» **DIRECTIONS FOR THIS TASK**: Your task is to give the listing below back word for word, pictures excluded.

» **SOURCE DATA**:
<<<<

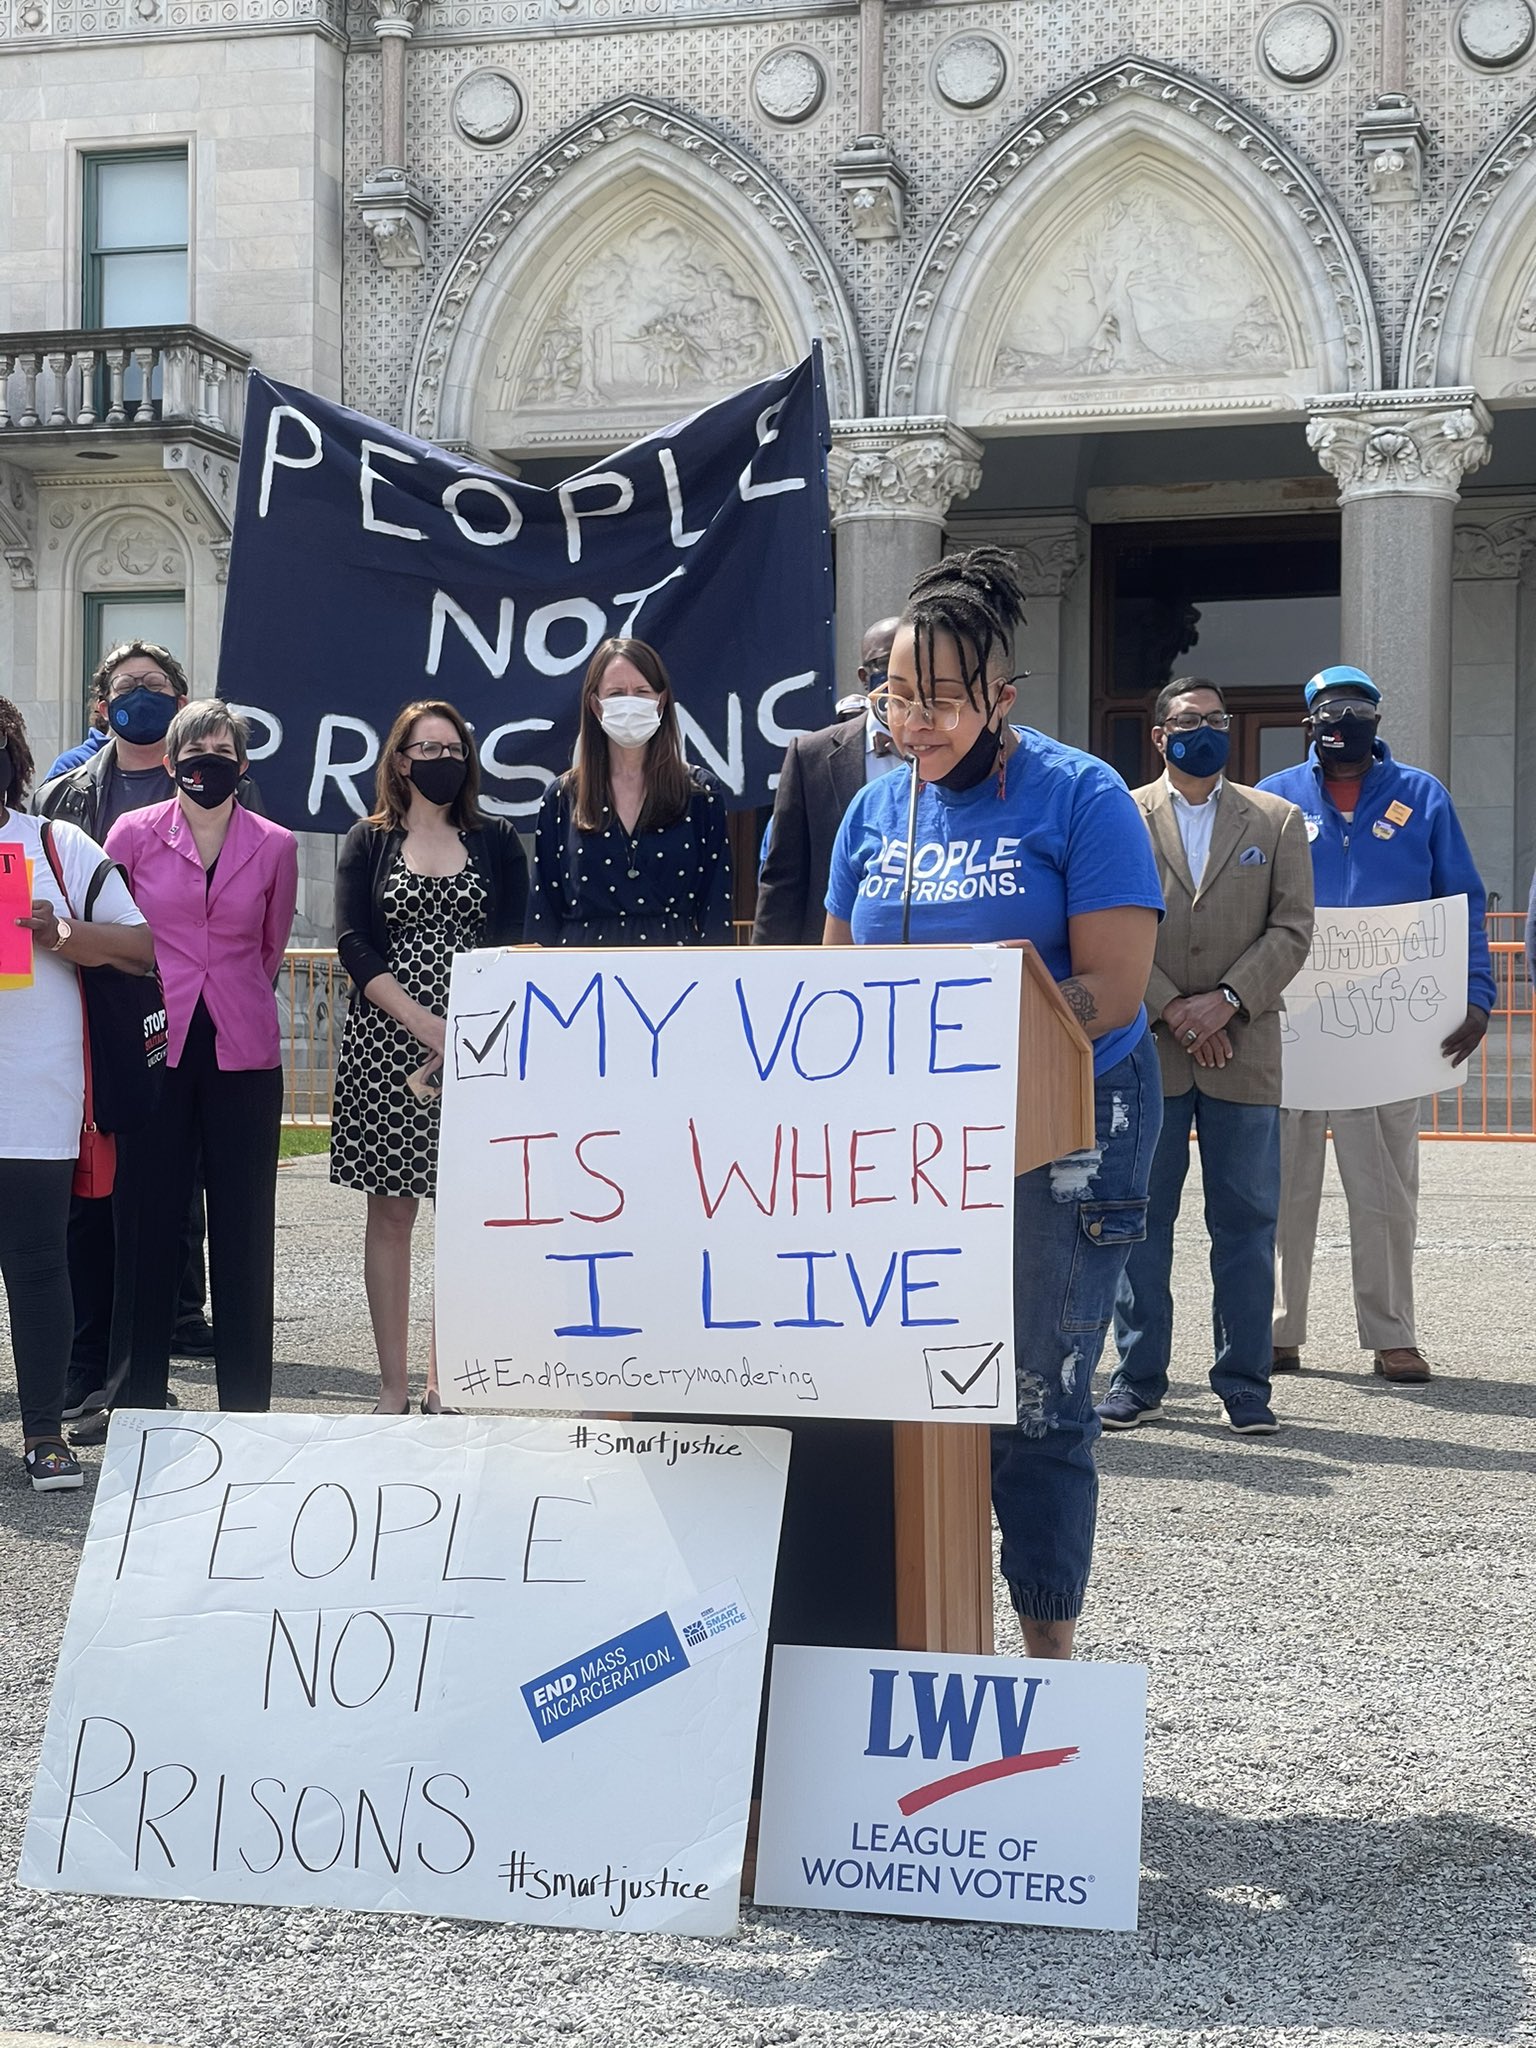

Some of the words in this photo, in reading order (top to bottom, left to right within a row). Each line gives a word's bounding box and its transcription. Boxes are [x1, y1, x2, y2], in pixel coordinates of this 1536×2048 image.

[259, 395, 808, 564] PEOPLE
[424, 564, 687, 679] NOT
[225, 670, 822, 816] PRSNS
[143, 1009, 166, 1038] STOP
[519, 972, 699, 1081] MY
[735, 977, 1001, 1082] VOTE
[1314, 966, 1447, 1039] Life
[483, 1130, 625, 1227] IS
[688, 1117, 1006, 1219] WHERE
[545, 1251, 643, 1337] I
[701, 1247, 963, 1328] LIVE
[115, 1426, 592, 1584] PEOPLE
[263, 1608, 474, 1713] NOT
[705, 1606, 738, 1629] SMART
[709, 1612, 747, 1637] JUSTICE
[533, 1673, 577, 1708] END
[580, 1647, 627, 1683] MASS
[541, 1646, 676, 1726] INCARCERATION.
[57, 1716, 476, 1875] PRISONS
[801, 1857, 940, 1895] WOMEN
[851, 1822, 987, 1859] LEAGUE
[999, 1838, 1038, 1862] OF
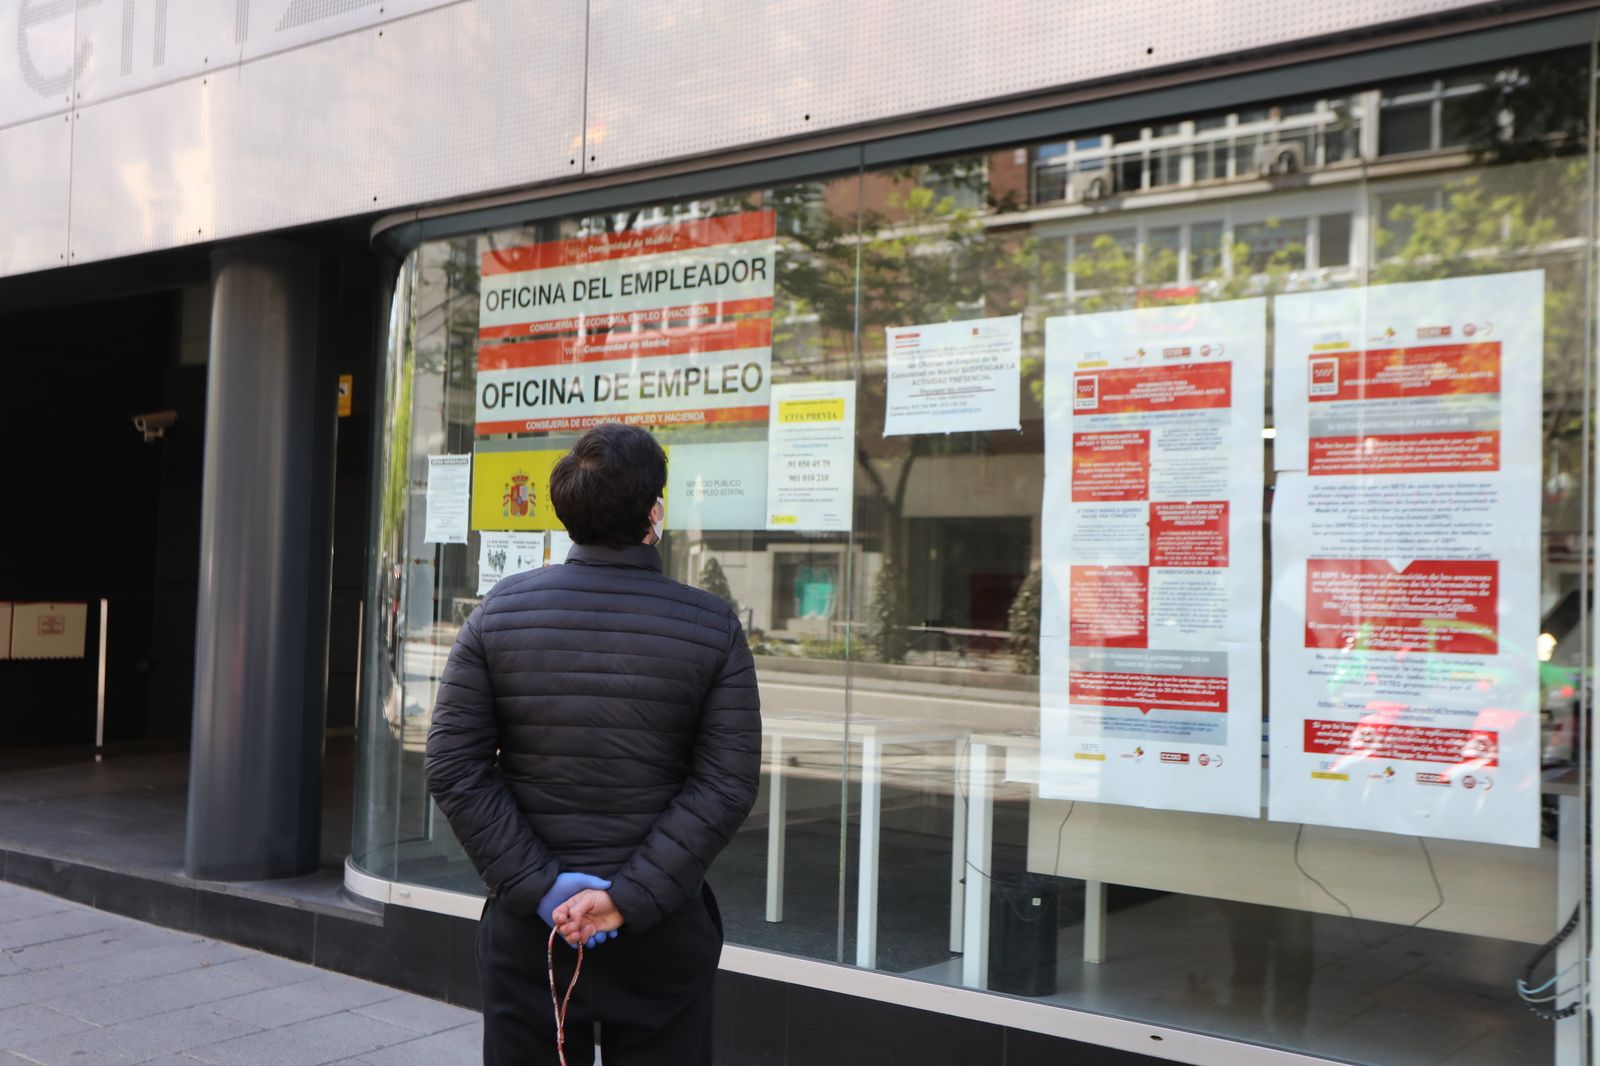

>>>>

» **RESULT FOR THIS EXERCISE**:
Some of the words in this photo, in reading order (top to bottom, left to right within a row). Each line gives a word's bounding box and its transcription. Boxes are [x1, y1, x2, y2], in pixel coordinates of this 1536×2048 image.

[259, 395, 808, 564] PEOPLE
[424, 564, 687, 679] NOT
[225, 670, 822, 816] PRSNS
[143, 1009, 166, 1038] STOP
[519, 972, 699, 1081] MY
[735, 977, 1001, 1082] VOTE
[1314, 966, 1447, 1039] Life
[483, 1130, 625, 1227] IS
[688, 1117, 1006, 1219] WHERE
[545, 1251, 643, 1337] I
[701, 1247, 963, 1328] LIVE
[115, 1426, 592, 1584] PEOPLE
[263, 1608, 474, 1713] NOT
[705, 1606, 738, 1629] SMART
[709, 1612, 747, 1637] JUSTICE
[533, 1673, 577, 1708] END
[580, 1647, 627, 1683] MASS
[541, 1646, 676, 1726] INCARCERATION.
[57, 1716, 476, 1875] PRISONS
[801, 1857, 940, 1895] WOMEN
[851, 1822, 987, 1859] LEAGUE
[999, 1838, 1038, 1862] OF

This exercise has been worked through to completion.